Algumas aldeias mantinham seus próprios devoradores de pecados permanentemente de plantão. Sobre ele Howlett escreveu: O cadáver sendo retirado da casa, e posicionado em um esquife, um pedaço de pão que fica sobre o cadáver é dado ao devorador de pecados, também uma tigela, cheia de cerveja. Estes consumidos, uma taxa de seis pences foi-lhe dado por consideração de ter tomando sobre si os pecados do falecido, que, assim, liberto, não queria vagar após a morte.

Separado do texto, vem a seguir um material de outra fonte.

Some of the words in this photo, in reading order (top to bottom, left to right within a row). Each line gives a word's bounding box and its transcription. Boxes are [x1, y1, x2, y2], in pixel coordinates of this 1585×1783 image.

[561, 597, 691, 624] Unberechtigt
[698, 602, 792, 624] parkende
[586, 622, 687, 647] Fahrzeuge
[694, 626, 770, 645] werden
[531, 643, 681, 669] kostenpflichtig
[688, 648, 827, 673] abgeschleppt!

O mito pode ter sido criado na Idade Média, mas o seu conceito é bem mais antigo, remonta à era dos faraós. O profeta de Israel, Ezequiel, dedicou todo um capítulo de seu livro para denunciar este conceito que, contrariando a responsabilidade pessoal, segundo ele, estava bastante em voga no seu tempo. O capítulo 18 se inicia com uma advertência contra um ditado corrente que era corrente e estava sendo acolhido pelo povo como um provérbio: Os pais comeram uvas verdes, e os dentes dos filhos é que embotaram? A respeito do ditado diz o profeta: Tão certo como eu vivo, diz o Senhor, jamais direis esse provérbio em Israel. E ele continua dizendo: Eis que todas as almas são minhas; como a alma do pai, também a alma do filho é minha; a alma que pecar, essa morrerá. Em seguida o profeta lista uma série de pecados de ordem pessoal: adorar ídolos, oprimir alguém, roubando, não atender a necessidade do próximo, desviar da justiça, não derramar sangue. Para finalmente declarar: Porque não tenho prazer na morte de ninguém, diz o Senhor Deus. Portanto, convertei-vos e vivereis.

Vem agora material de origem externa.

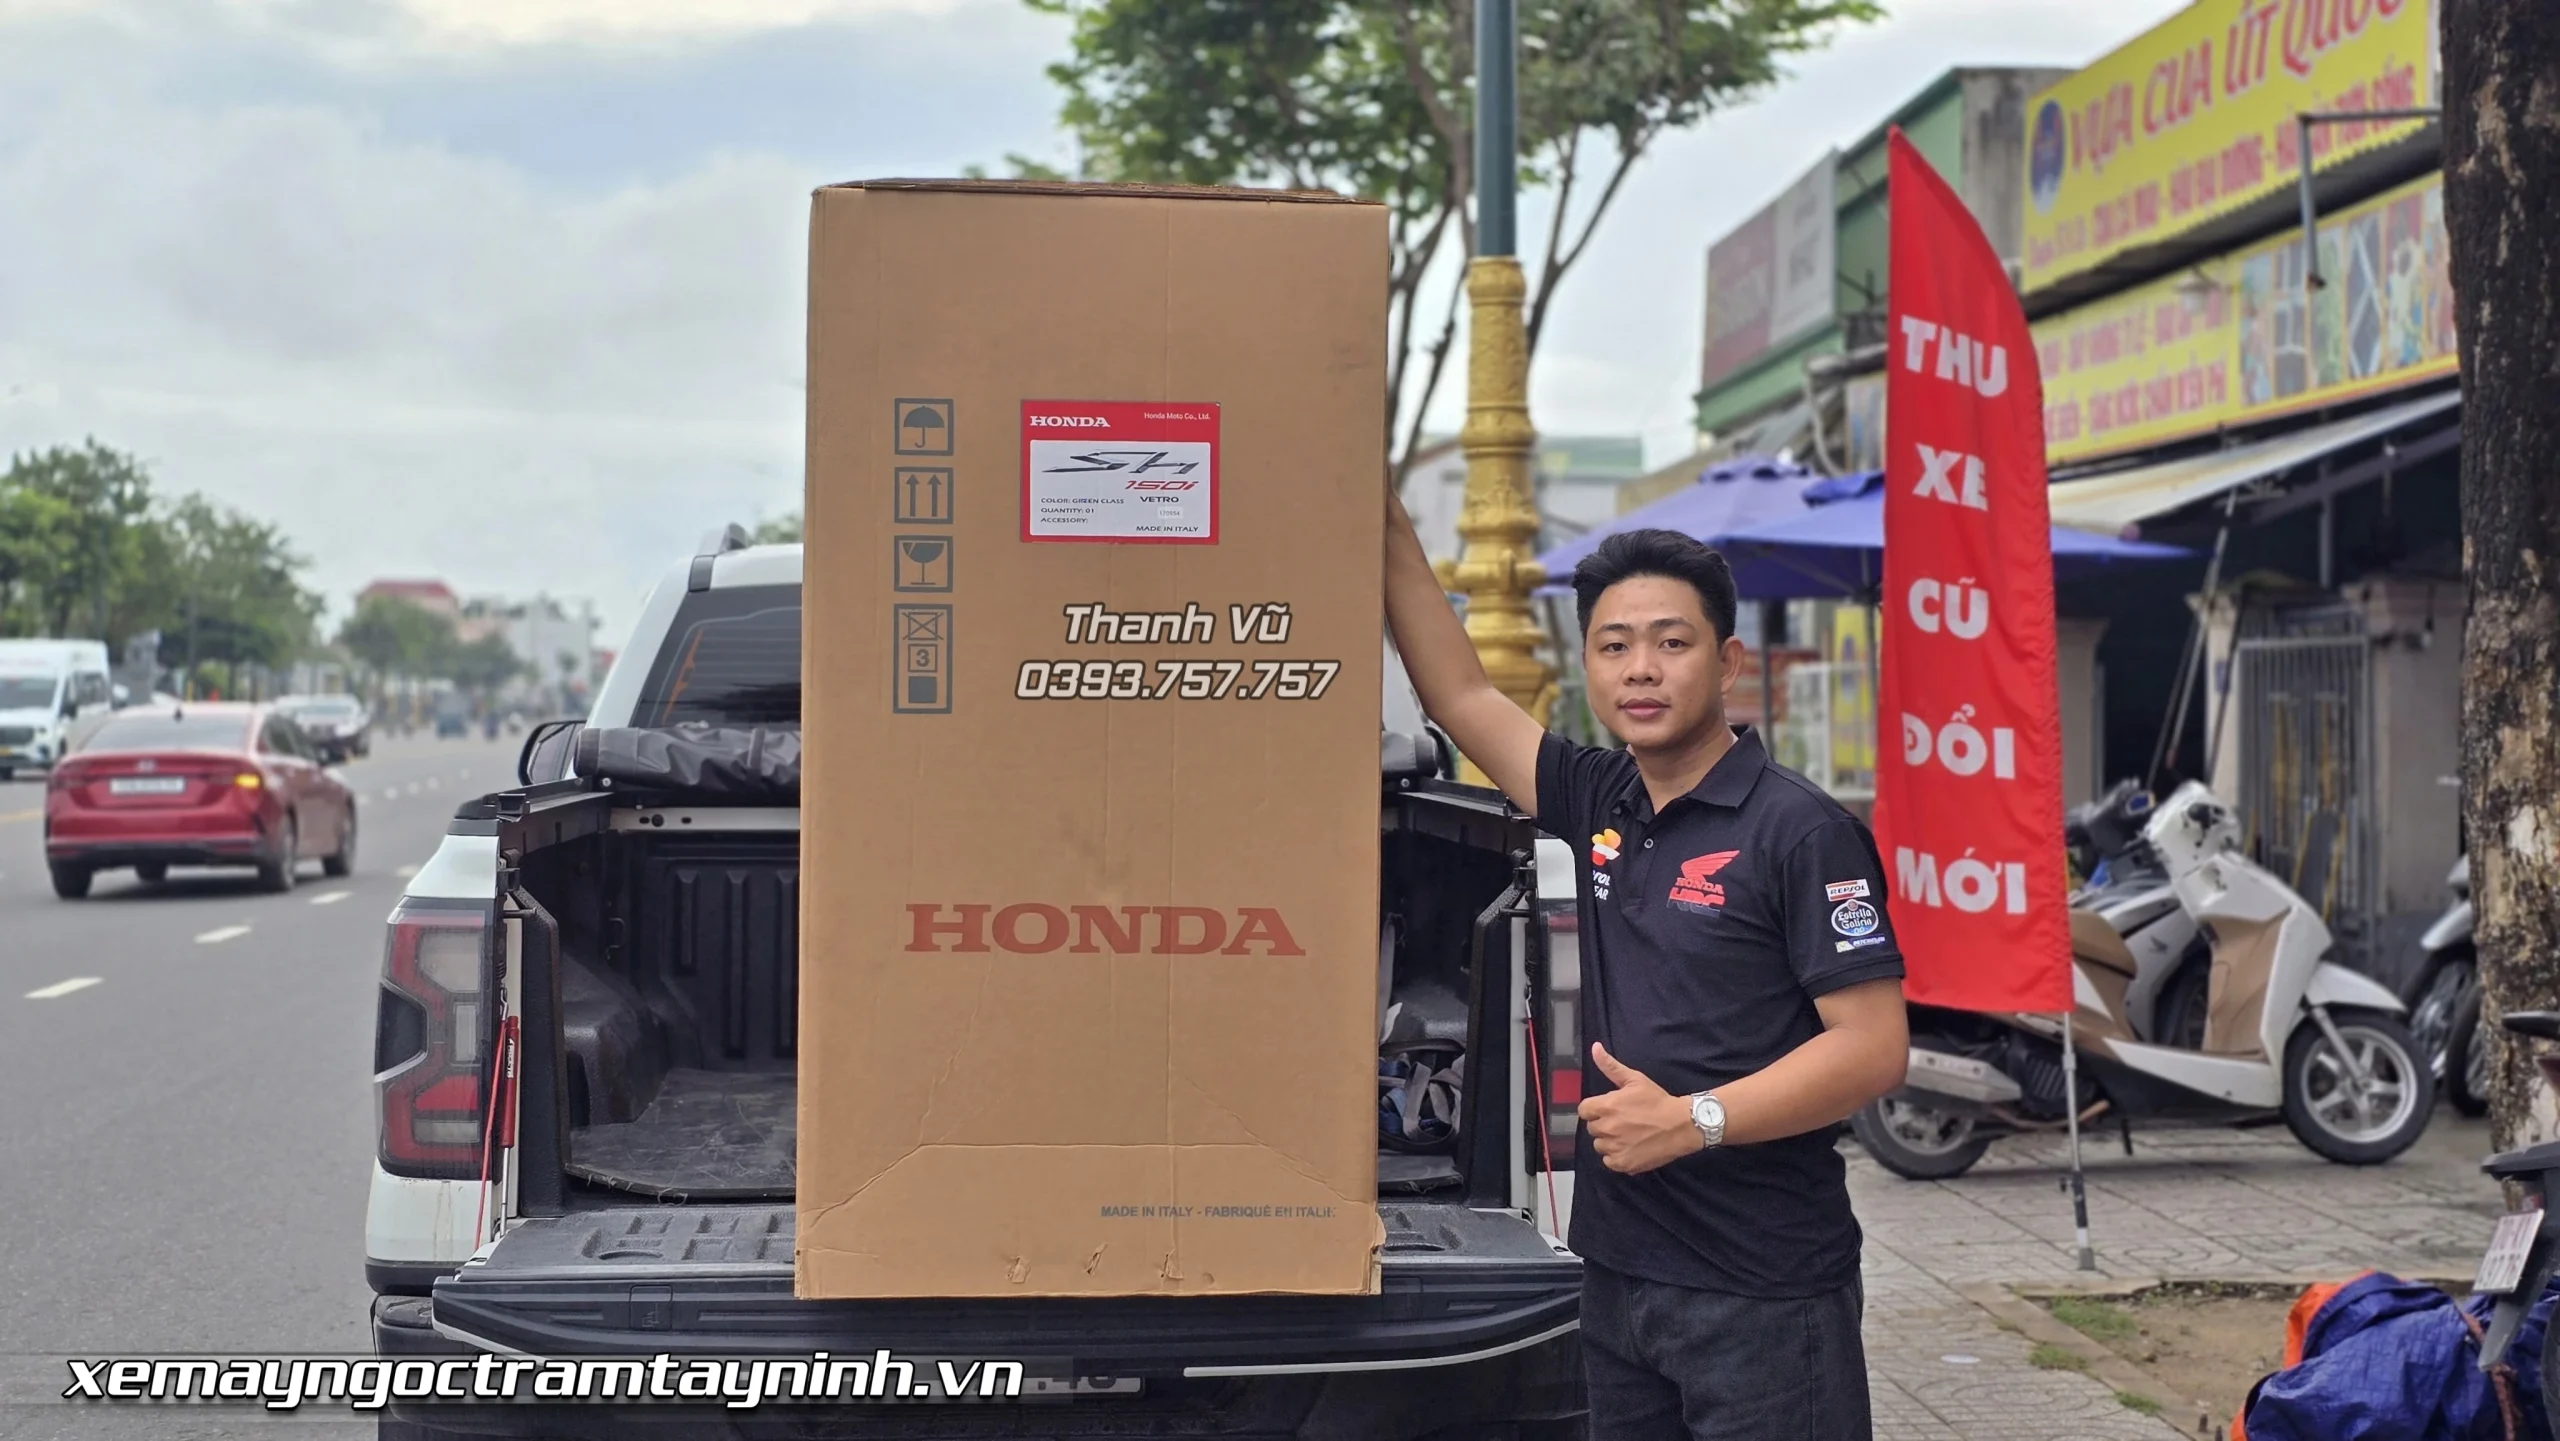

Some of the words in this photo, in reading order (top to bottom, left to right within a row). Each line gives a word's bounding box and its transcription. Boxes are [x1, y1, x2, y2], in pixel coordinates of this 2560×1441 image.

[2142, 37, 2213, 135] CUA
[1901, 313, 2008, 397] THU
[1029, 415, 1111, 428] HONDA
[1144, 412, 1166, 420] Honda
[1166, 412, 1183, 420] Moto
[1125, 480, 1199, 490] 150i
[1912, 442, 1989, 512] XE
[1908, 576, 1989, 640] CŨ
[915, 648, 930, 668] 3
[1674, 876, 1725, 896] HONDA
[1830, 884, 1866, 895] REPSOL
[1895, 846, 2027, 915] MỚI
[1837, 908, 1872, 921] Estrella
[1841, 918, 1873, 930] Galicia
[904, 902, 1306, 956] HONDA
[1101, 1206, 1139, 1217] MADE
[1142, 1206, 1155, 1217] IN
[1158, 1206, 1194, 1217] ITALY
[1204, 1204, 1272, 1218] FABRIQUÉ

Esse é o caminho que a Bíblia aponta. O único devorador de pecados é o amor incomensurável de Deus que nos constrange ao arrependimento. Ele é um devorador, que segundo Paulo, rasga o escrito da dívida, a nota promissória que nos liga intimamente ao pecado. Uma vez rasgada, ninguém poderá mais nos cobrar, nem o próprio Deus.

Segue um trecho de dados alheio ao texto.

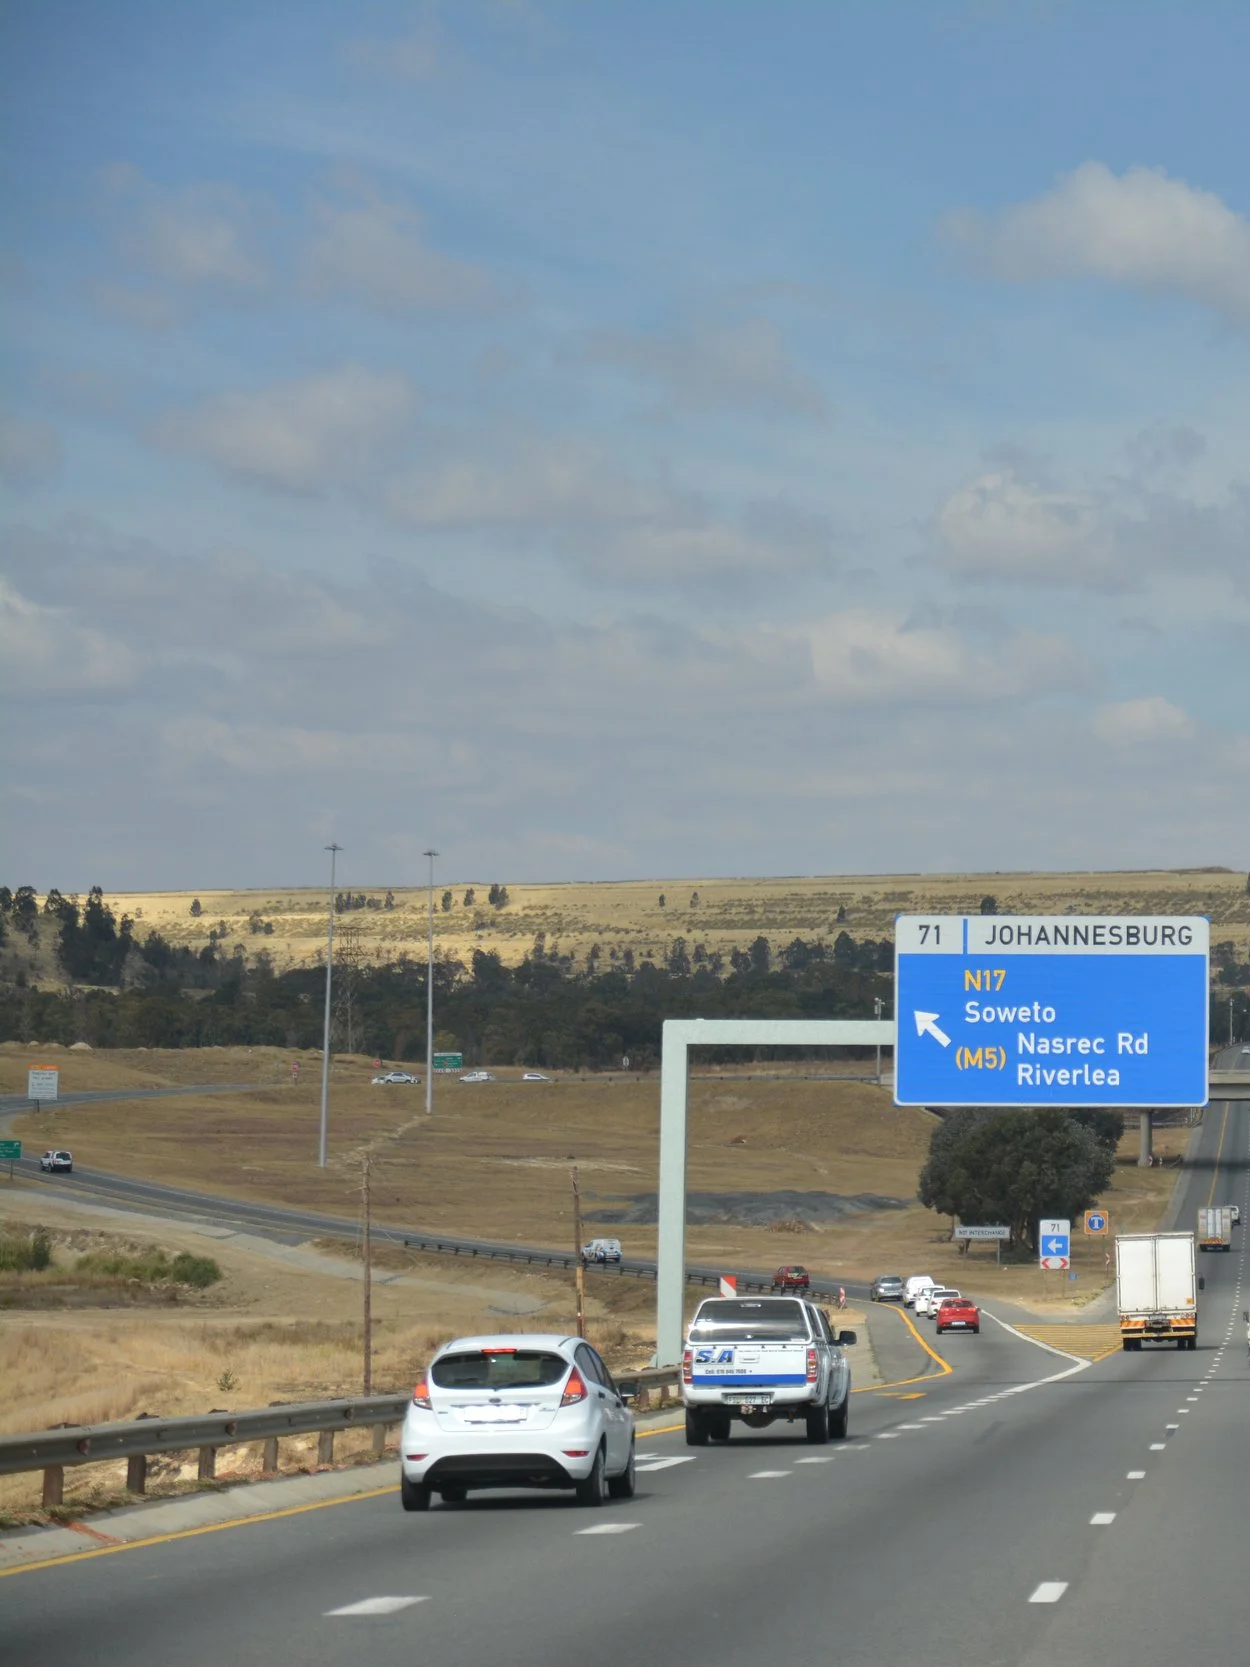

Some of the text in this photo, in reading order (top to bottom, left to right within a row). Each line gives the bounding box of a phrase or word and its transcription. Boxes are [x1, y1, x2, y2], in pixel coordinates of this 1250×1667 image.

[918, 925, 941, 945] 71
[985, 925, 1193, 946] JOHANNESBURG
[964, 969, 1006, 992] N17
[964, 1001, 1056, 1023] Soweto
[1017, 1032, 1149, 1054] Nasrec Rd
[955, 1046, 1007, 1071] (M5)
[1017, 1063, 1120, 1086] Riverlea
[1050, 1223, 1060, 1233] 71

Mas me parece que algumas igrejas ressuscitaram o tal devorador. Se nem tanto, pelo menos o personificaram na figura de um pastor, bispo, apóstolo ou coisa semelhante, alguém que conserta o nosso relacionamento com Deus, apagando todo um passado de pecados e frustrações. Novamente temos entre nós alguém que está propenso a devorar os nossos pecados, de uma hora para outra, e sem qualquer restrição, em troca de uma boa quantia, que pode ser paga em dinheiro, bens, cheque predatado ou em cartões de crédito e débito.

O problema é que hoje a oferta já não se destina mais a saciar a fome de miseráveis, que, não tendo outros meios para saciá-la, se predispunham a comer, junto com o alimento que lhes era servido, o pecado do rico recém falecido. Hoje em dia, o devorador devora os bens da viúva, a poupança que estava destinada a pagar a faculdade do filho e o “trízimo”, ficando, ele sim, cada vez mais rico. Nessa sua nova versão, o devorador só ganha, e sem qualquer problema de consciência ganha muito, enquanto que os miseráveis pecadores só perdem. Perdem o dinheiro dos seus bolsos, seus bens e até seus salários; perdem o pouco de dignidade, porque vêm a necessitar da ajuda de outros até para pagar a passagem de volta para casa; perdem o juízo, porque quando não alcançam a bênção desejada, culpam a si mesmos pelo valor da sua oferta; perdem a sua fé.

Que falta que nos faz um Ezequiel, que mesmo no auge da sua loucura, ainda tinha mais lucidez que todos nós pastores juntos. Que falta que nos faz uma mente que mesmo inconformada com o pecado se seu povo, ainda possuía mais conhecimento de Deus que toda a teologia acumulada em nosso século. Que falta que nos faz um homem de Deus que desmistifique de vez toda essa baboseira que foi agregada ao evangelho. Que falta que nos faz um profeta que conseguia traduzir toda a vontade de Deus para as nossas vidas em uma simples frase de três palavras: Convertei-vos e vivereis.